◆ Source records ◆
Content starts
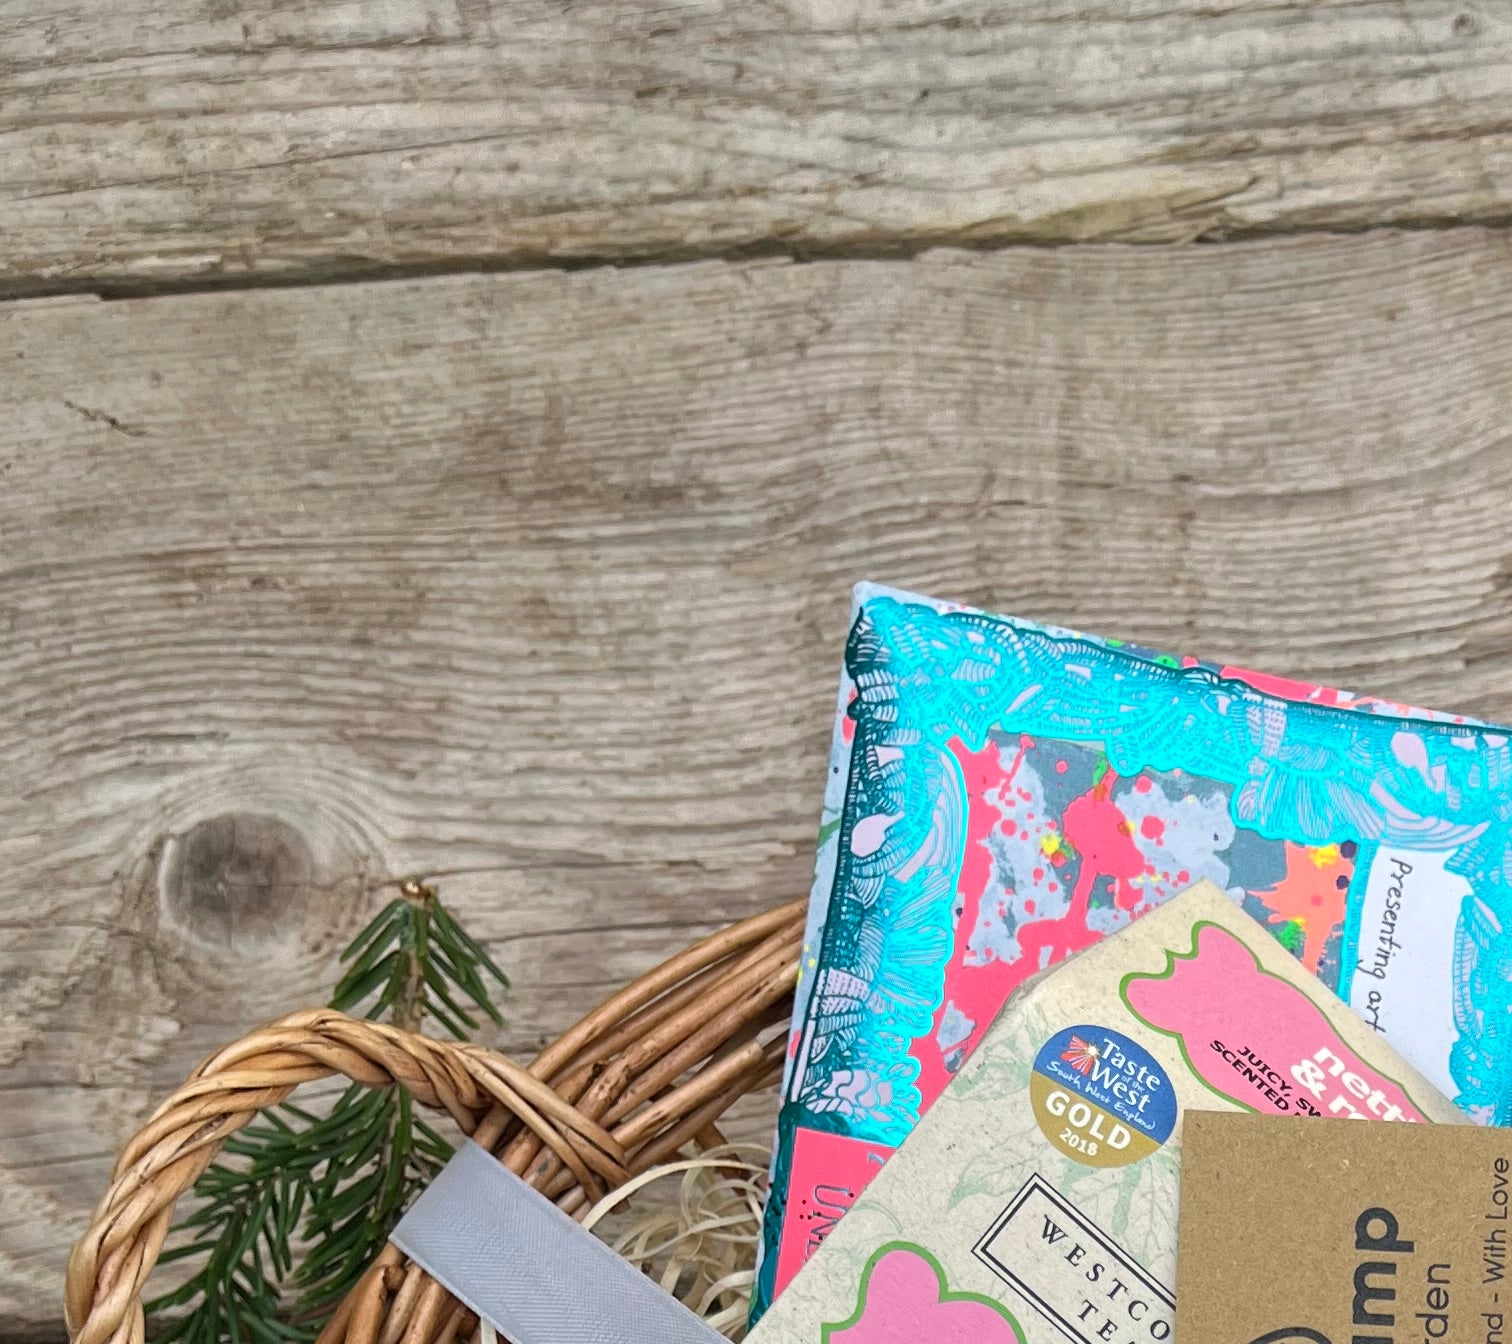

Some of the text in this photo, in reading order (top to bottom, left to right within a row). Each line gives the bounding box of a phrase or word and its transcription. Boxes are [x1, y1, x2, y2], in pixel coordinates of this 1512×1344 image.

[1091, 1059, 1151, 1113] West
[1100, 1038, 1161, 1092] Taste
[1209, 1040, 1289, 1111] SCENTED
[1237, 1046, 1293, 1098] JUICY,
[1290, 1059, 1327, 1101] &
[1046, 1061, 1156, 1130] South West England
[1046, 1090, 1131, 1150] GOLD
[1059, 1128, 1098, 1156] 2018
[1485, 1157, 1509, 1219] Love
[1481, 1224, 1505, 1284] With
Content ends
◆ Assigned task ◆
Return the records above exactly as written. Do not include their images.

◆ Task output ◆
Some of the text in this photo, in reading order (top to bottom, left to right within a row). Each line gives the bounding box of a phrase or word and its transcription. Boxes are [x1, y1, x2, y2], in pixel coordinates of this 1512×1344 image.

[1091, 1059, 1151, 1113] West
[1100, 1038, 1161, 1092] Taste
[1209, 1040, 1289, 1111] SCENTED
[1237, 1046, 1293, 1098] JUICY,
[1290, 1059, 1327, 1101] &
[1046, 1061, 1156, 1130] South West England
[1046, 1090, 1131, 1150] GOLD
[1059, 1128, 1098, 1156] 2018
[1485, 1157, 1509, 1219] Love
[1481, 1224, 1505, 1284] With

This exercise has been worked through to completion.